In my next set of blog entries, I’ll be discussing the fallout of the Supreme Court’s opinion in Citizens United. A national confusion has arisen over the meaning of the case and its role, positive or negative, in our democratic process. Amidst many shouting voices, some historic truths have been overlooked.

It is important to recall that our celebrated American tradition of open debate was a radical departure from history in its own right. As detailed in the Wyoming Liberty Group’s briefings in the case, and relied upon by the Court, English licensing laws were commonplace to ensure that only speech favorable of the Crown would abound. The American experiment in self-government in that sense was radical — trusting average citizens to speak, favorably, poorly, or caustically about all sorts of issues, including the performance of public officials.

Since our experiment in embracing wide-open, robust, and uncontrolled debate, the idea of this sacred trust has been seen as folly by some would be censors. This mistrust of the constitutional values standing behind the First Amendment has led our nation to sometimes devalue its worth. But the framers of our American constitutional tradition embraced a different, and more absolute, truth — that robust discussion of public officeholders and affairs is the surest protection against tyranny. The Wyoming Liberty Group stands by this truth today.

A corollary of the right to speak is the right of association. Association permits everyday citizens to come together and amplify their own speech, making it more effective.

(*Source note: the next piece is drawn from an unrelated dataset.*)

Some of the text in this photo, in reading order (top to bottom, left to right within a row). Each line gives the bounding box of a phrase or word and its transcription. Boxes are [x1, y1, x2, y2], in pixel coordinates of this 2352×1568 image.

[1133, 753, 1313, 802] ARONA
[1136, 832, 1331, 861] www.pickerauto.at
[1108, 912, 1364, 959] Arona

Think NRA, Sierra Club, or National Right to Life. Were it so that the First Amendment protected just the right of individual speech, and never the speech of people gathered together, only the most wealthy and powerful among us would have any effective voice.

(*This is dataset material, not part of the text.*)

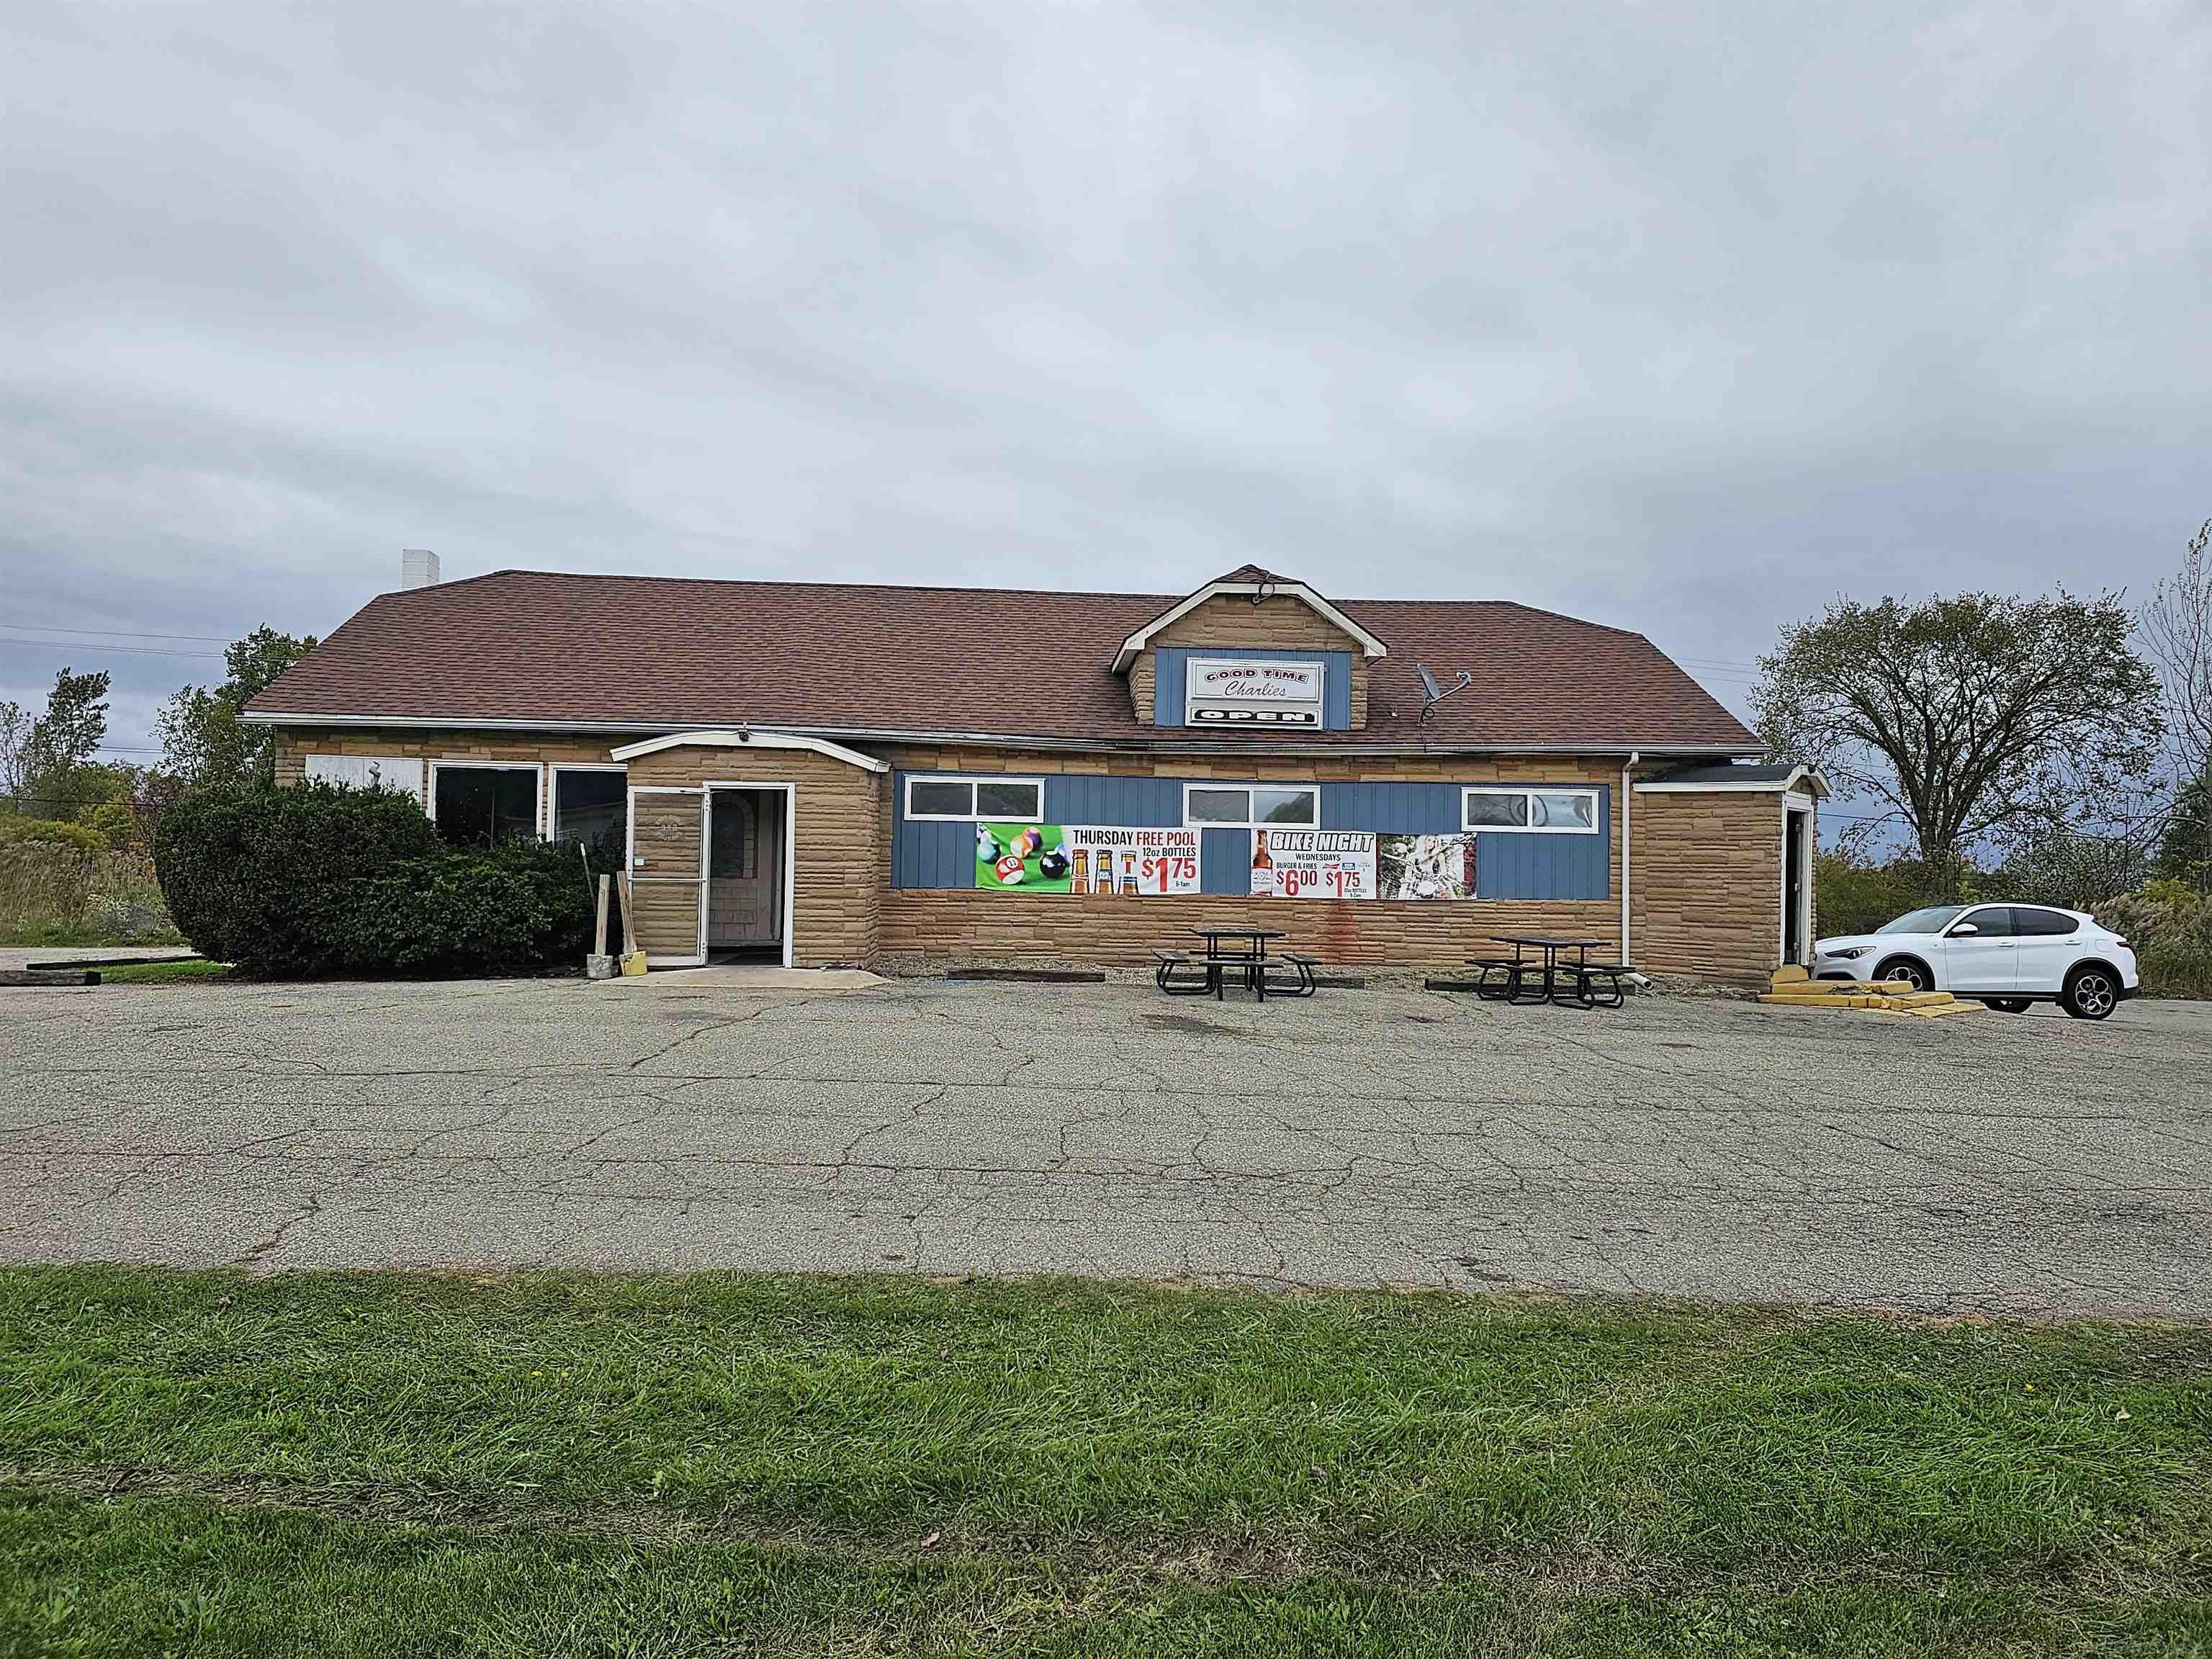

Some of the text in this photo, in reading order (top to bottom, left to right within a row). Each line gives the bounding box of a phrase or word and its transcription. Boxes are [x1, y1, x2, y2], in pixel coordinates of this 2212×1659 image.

Let’s get back to the Citizens United Challenge. Here, the Supreme Court examined what appeared to be an easy question. Did people retain the freedom to: (1) gather together, (2) create a documentary film critical of Hillary Clinton, and (3) distribute and advertise the movie in question in the days leading up to elections? At the time of the challenge, the clearest answer under federal law and thousands of pages of interpretative Federal Election Commission rules was, oddly enough, “no.”

The resounding success of Citizens United is found in its simple return to the basic truth of the First Amendment. No longer would the Court permit citizens gathered together to be criminalized and penalized because they spoke critically of public officials. No longer would the Court entrust a federal bureaucracy with the power to decide which speech was appropriate for us to hear and which was not. Freedom would win the day, but with a return of the protection of free speech came the feverish and frightened appeal of naysayers. Those who naysay Citizens United focus not on these truths, but opt instead to fixate on the looming fear of imagined hobgoblins when you protect freedom.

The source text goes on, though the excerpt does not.